📜 ⬆️ ⬇️

Competition for the classification of words from Hola or "where to get another percent?"

I saw a post about the competition when it was already two weeks after the start. But the task seemed extremely exciting, and I was not mistaken in this, diving into the solution with my head. I want to share the solution by 80 +% and my impressions in this post.

All my participation was questioned "where to get another percent?", But in response I often received hundredths of a percent or nothing. So, first things first.

I wrote in C ++, because I don’t know JS at all, but I translated the ready-made solution to JS with the help of a colleague.

The first thing I tried was a bloom filter. I shortened the dictionary: I reduced all the words to the lower case, replaced all the words in the dictionary ending in 's with the prefix, and removed the 60 kb filter for the bloom. As a hash function, I chose the linear generator h [i] = 115249 * (h [i-1] + w [i]) + 33391. As a result, the accuracy was not very high, of the order of 60%, but with something to start .
')
The second. Added filtering by rare combinations of characters: does not contain 6 vowels in a row, does not contain 6 consonants in a row. If the word length is more than three, then three identical letters should not go in a row.

Third. I looked at the word / garbage ratio depending on the length and began to return the result “garbage” to all tests longer than 13 characters.

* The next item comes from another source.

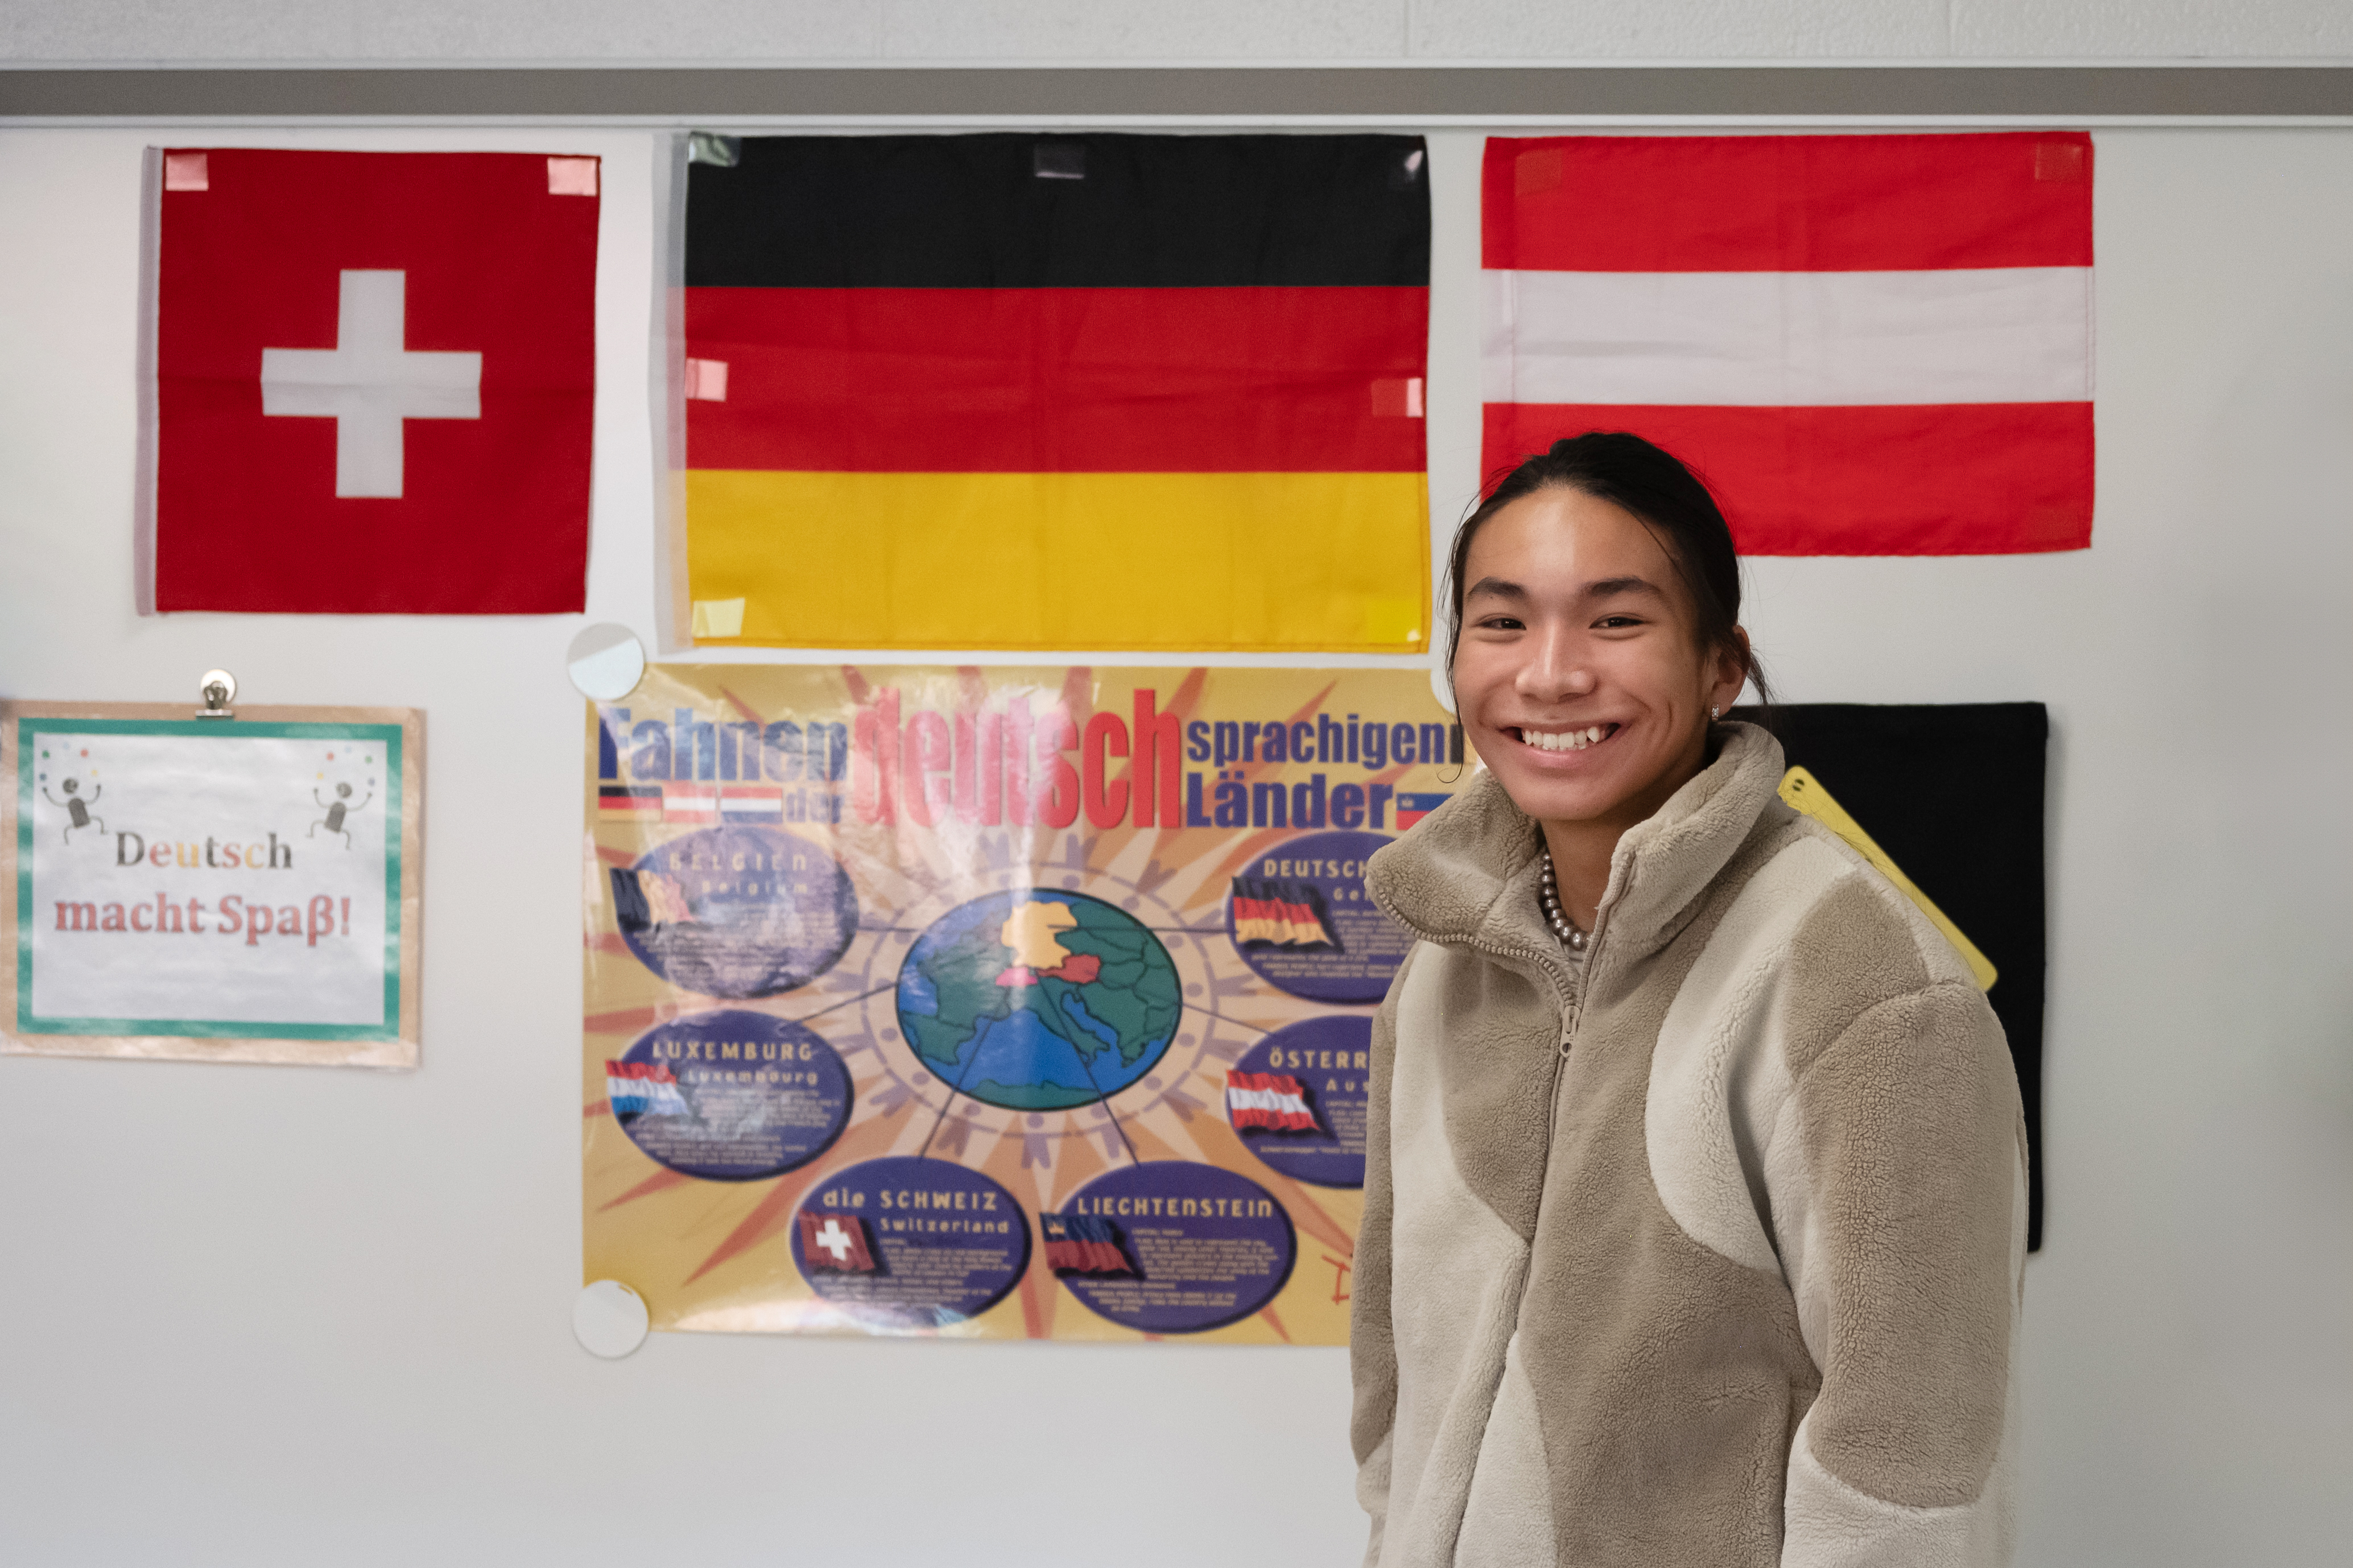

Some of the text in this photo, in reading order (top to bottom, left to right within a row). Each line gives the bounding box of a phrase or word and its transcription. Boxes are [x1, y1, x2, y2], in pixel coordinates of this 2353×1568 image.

Fourth. Junk contains more words with quotation marks. A new rule: for everything that contains a quotation mark (not counting 's), say “not a word”. After that, the accuracy was in the region of ~ 74%.

The fifth. I considered the probabilities of all the bigram and began to throw out all the words that have little-probable bigrams. I calculated the frequency of bigram for all words from the dictionary and began to consider the probability that this word or a random sequence of bytes. I used three values ​​based on the probabilities of the bigram: their sum; logarithm of their product and the sum of their roots. Built graphics in gnuplot, turned out beautiful pictures.

image

I was very happy with the graphs I saw, but in the end it gave only 76.4% after manual adjustment of the coefficients. Among the shortcomings: minus 1400 bytes for bloom.

The sixth. Constructed graphs on the frequency of letters, took the same amount / logarithm of the product. The quality could not be improved, the bigrams have already given good filtering.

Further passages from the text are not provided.